*** Opening Excerpted data ***

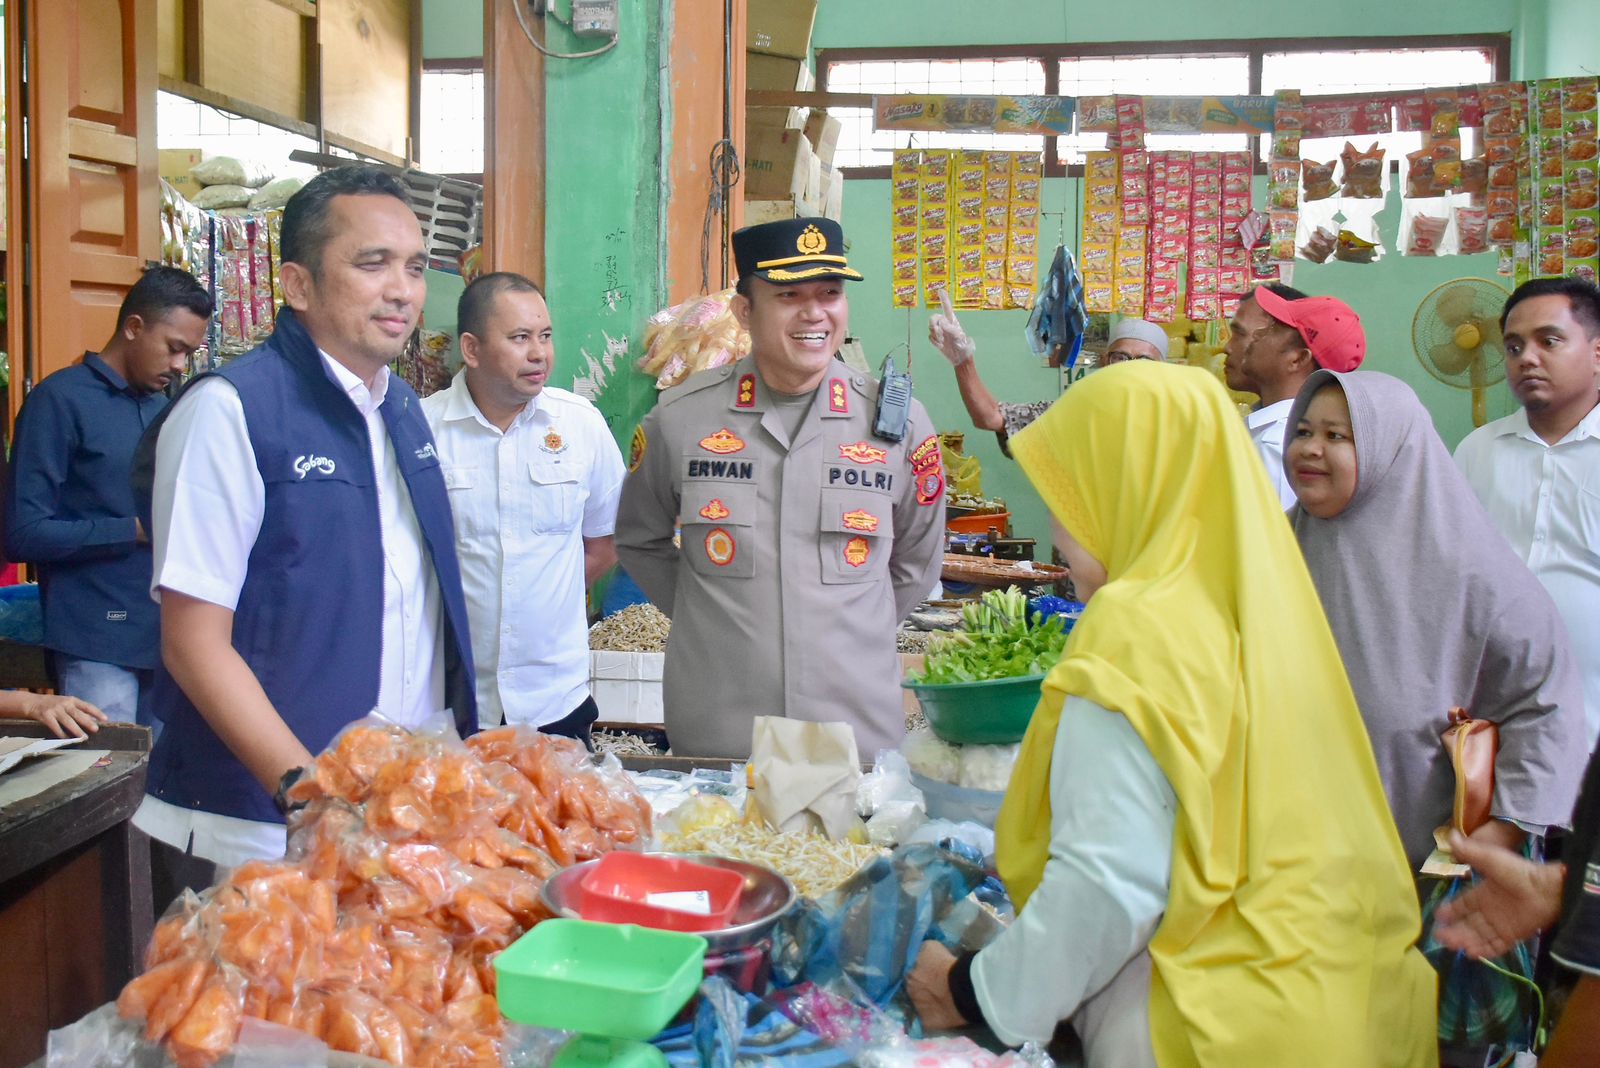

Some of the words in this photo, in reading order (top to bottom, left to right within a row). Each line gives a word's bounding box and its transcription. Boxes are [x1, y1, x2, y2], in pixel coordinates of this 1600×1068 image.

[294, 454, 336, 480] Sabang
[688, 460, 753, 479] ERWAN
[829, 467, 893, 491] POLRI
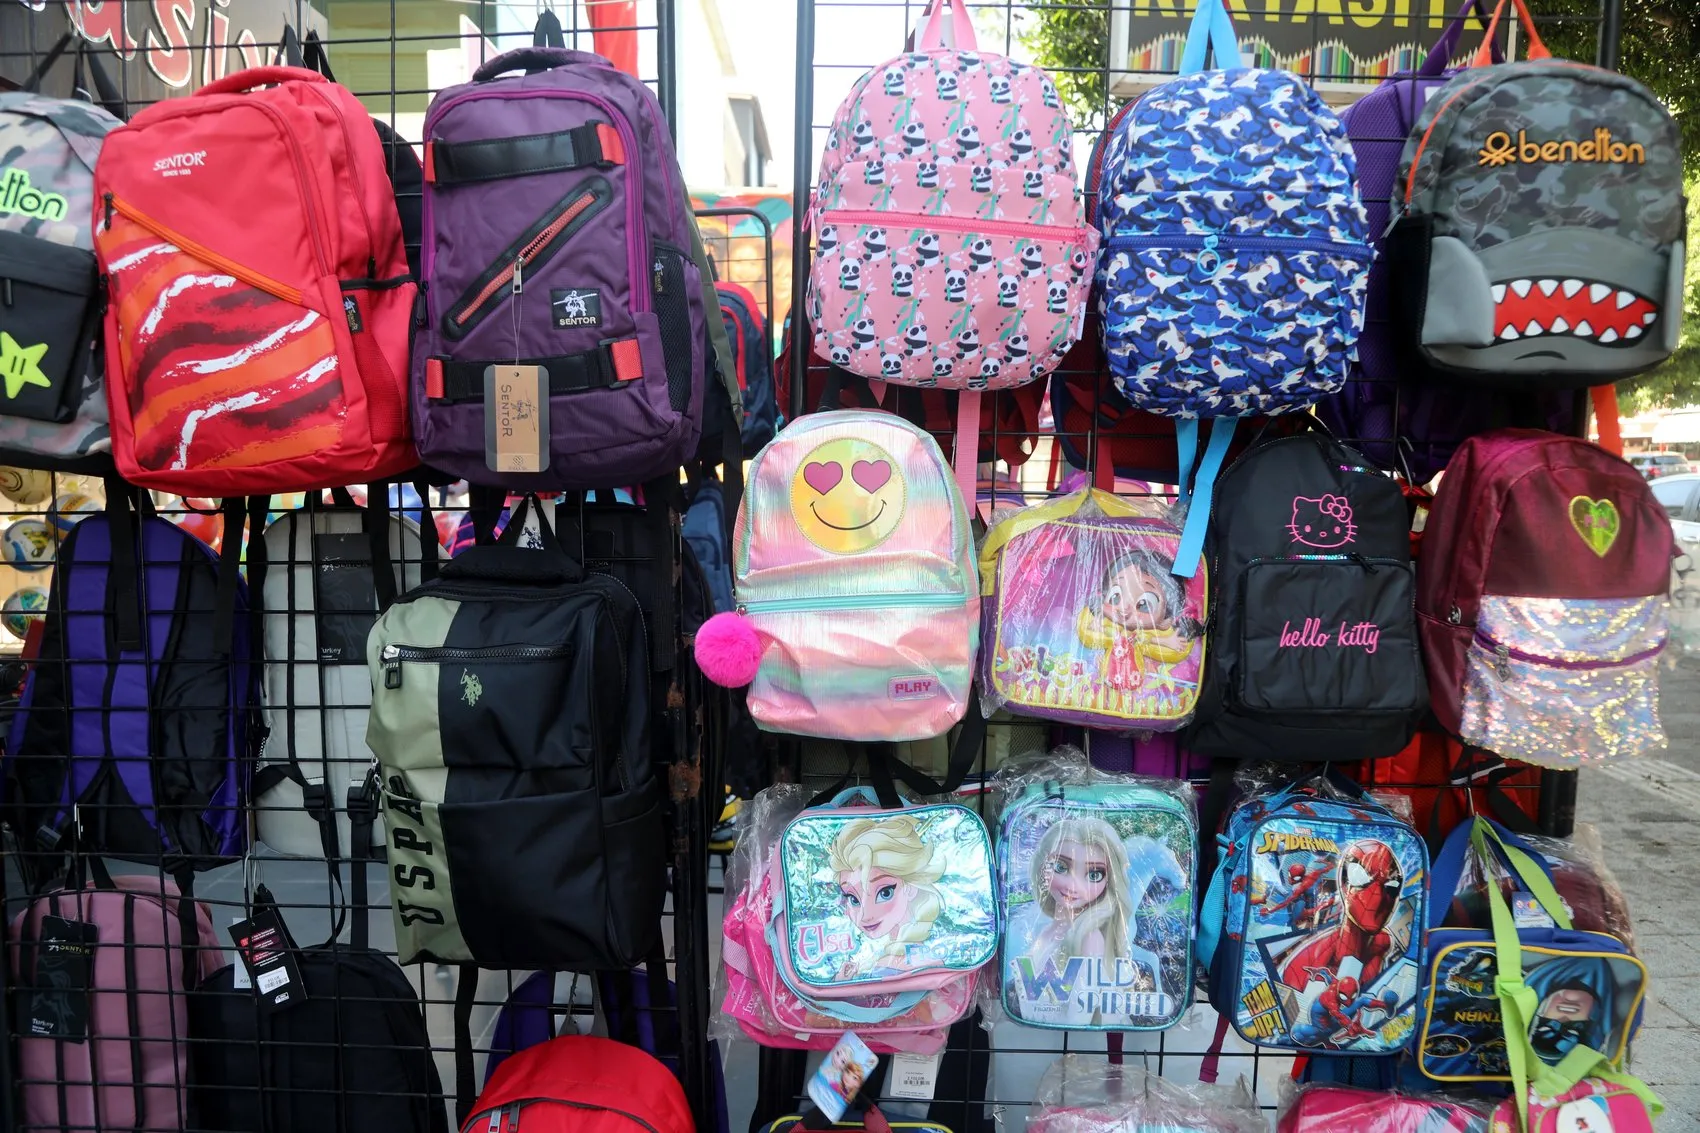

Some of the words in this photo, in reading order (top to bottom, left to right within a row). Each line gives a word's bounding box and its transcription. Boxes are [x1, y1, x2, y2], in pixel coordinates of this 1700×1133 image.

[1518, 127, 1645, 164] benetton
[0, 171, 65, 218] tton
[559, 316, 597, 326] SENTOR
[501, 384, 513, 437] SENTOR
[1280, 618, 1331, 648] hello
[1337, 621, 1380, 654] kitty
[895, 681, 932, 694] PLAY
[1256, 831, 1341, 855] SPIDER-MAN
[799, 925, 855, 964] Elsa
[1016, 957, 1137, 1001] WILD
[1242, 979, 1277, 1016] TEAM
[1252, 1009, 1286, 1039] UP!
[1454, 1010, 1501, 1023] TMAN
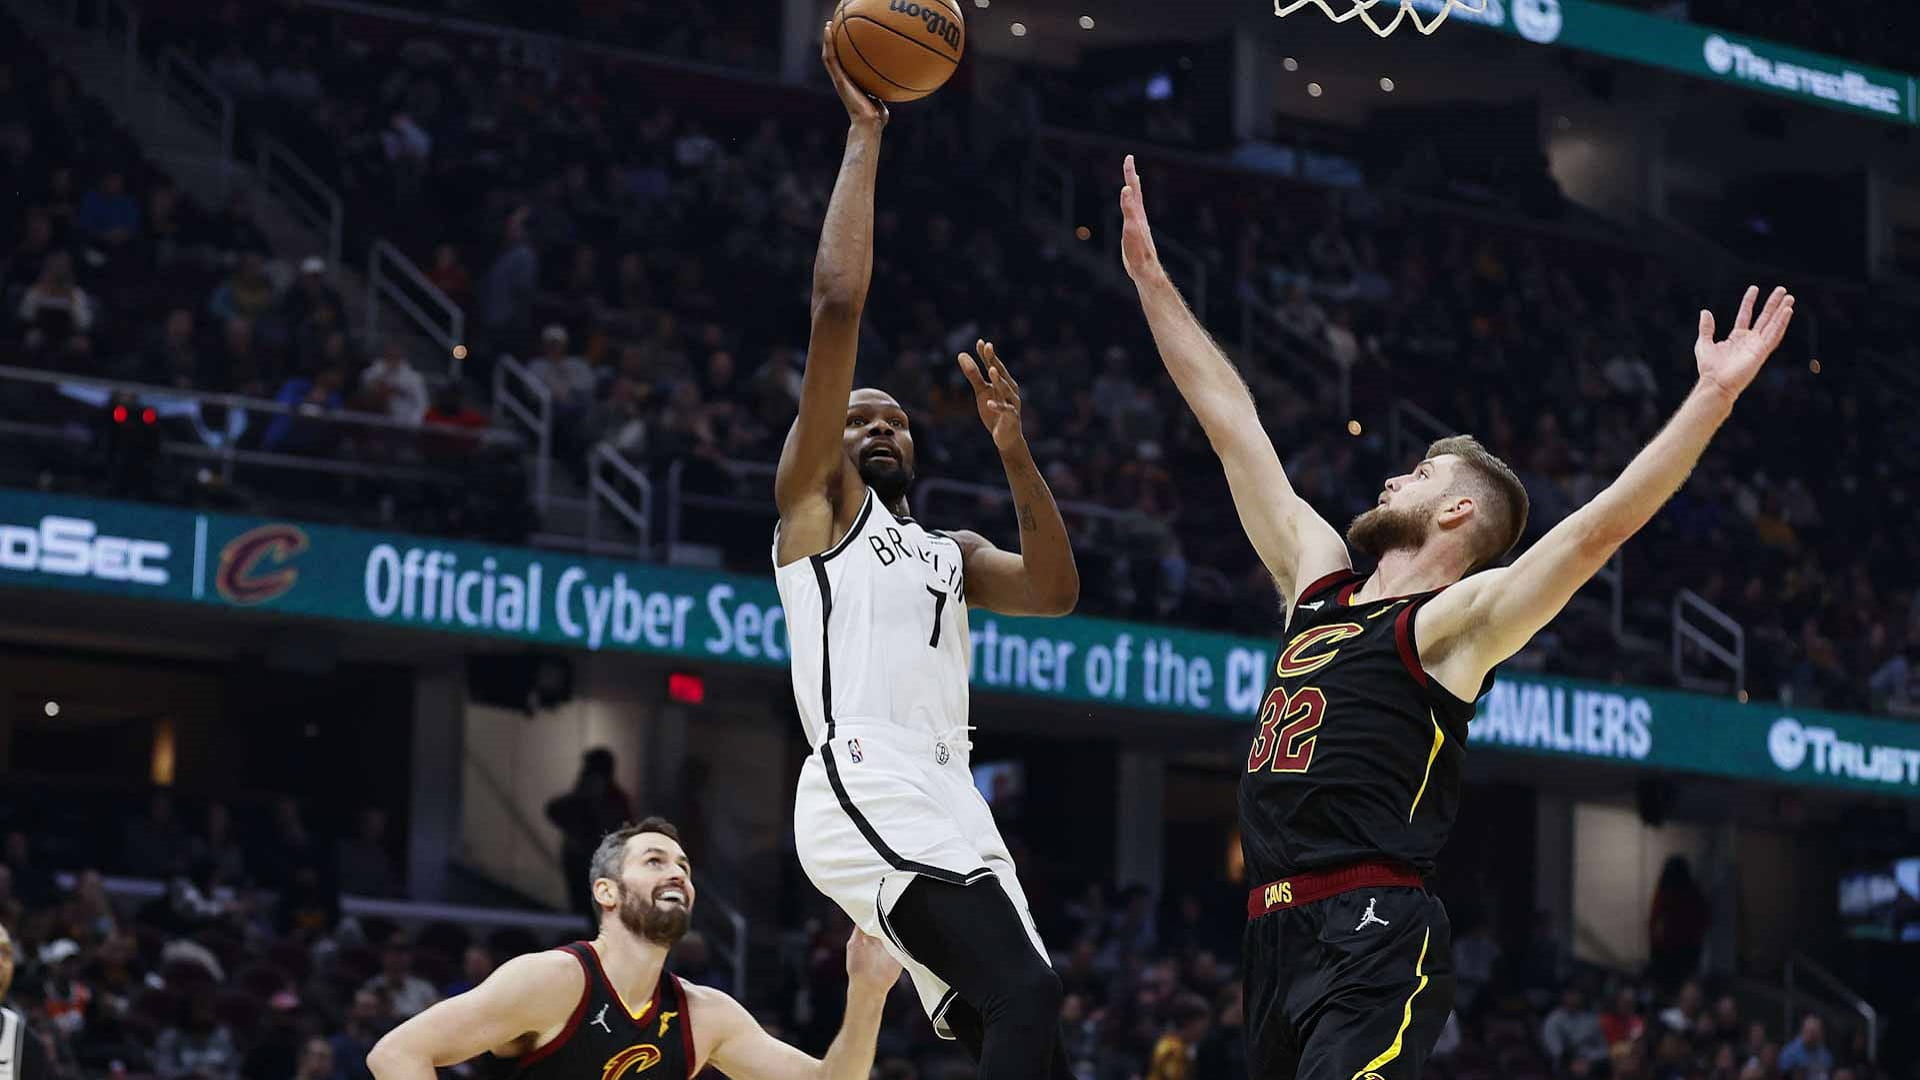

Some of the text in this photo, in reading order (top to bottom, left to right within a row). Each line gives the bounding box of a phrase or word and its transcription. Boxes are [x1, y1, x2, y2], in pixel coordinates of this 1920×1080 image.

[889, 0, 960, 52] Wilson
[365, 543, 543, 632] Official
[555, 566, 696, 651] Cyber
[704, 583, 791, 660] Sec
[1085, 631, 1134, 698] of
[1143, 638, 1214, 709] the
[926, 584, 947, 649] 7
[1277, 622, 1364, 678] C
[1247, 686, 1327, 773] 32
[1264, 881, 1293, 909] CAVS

*** Closing Excerpted data ***

Task requirements >>
If an entry contains an image, print the rest of that entry exactly and leave the image out.

Result of this exercise >>
Some of the words in this photo, in reading order (top to bottom, left to right within a row). Each line gives a word's bounding box and its transcription. Boxes are [x1, y1, x2, y2], in pixel coordinates of this 1600×1068 image.

[294, 454, 336, 480] Sabang
[688, 460, 753, 479] ERWAN
[829, 467, 893, 491] POLRI

Some of the words in this photo, in reading order (top to bottom, left to right within a row). Each line gives a word's bounding box and its transcription. Boxes are [x1, y1, x2, y2], in pixel coordinates of this 1700×1133 image.

[1518, 127, 1645, 164] benetton
[0, 171, 65, 218] tton
[559, 316, 597, 326] SENTOR
[501, 384, 513, 437] SENTOR
[1280, 618, 1331, 648] hello
[1337, 621, 1380, 654] kitty
[895, 681, 932, 694] PLAY
[1256, 831, 1341, 855] SPIDER-MAN
[799, 925, 855, 964] Elsa
[1016, 957, 1137, 1001] WILD
[1242, 979, 1277, 1016] TEAM
[1252, 1009, 1286, 1039] UP!
[1454, 1010, 1501, 1023] TMAN

Some of the text in this photo, in reading order (top to bottom, left to right within a row). Each line gives the bounding box of a phrase or word and its transcription. Boxes are [x1, y1, x2, y2], in pixel coordinates of this 1920×1080 image.

[889, 0, 960, 52] Wilson
[365, 543, 543, 632] Official
[555, 566, 696, 651] Cyber
[704, 583, 791, 660] Sec
[1085, 631, 1134, 698] of
[1143, 638, 1214, 709] the
[926, 584, 947, 649] 7
[1277, 622, 1364, 678] C
[1247, 686, 1327, 773] 32
[1264, 881, 1293, 909] CAVS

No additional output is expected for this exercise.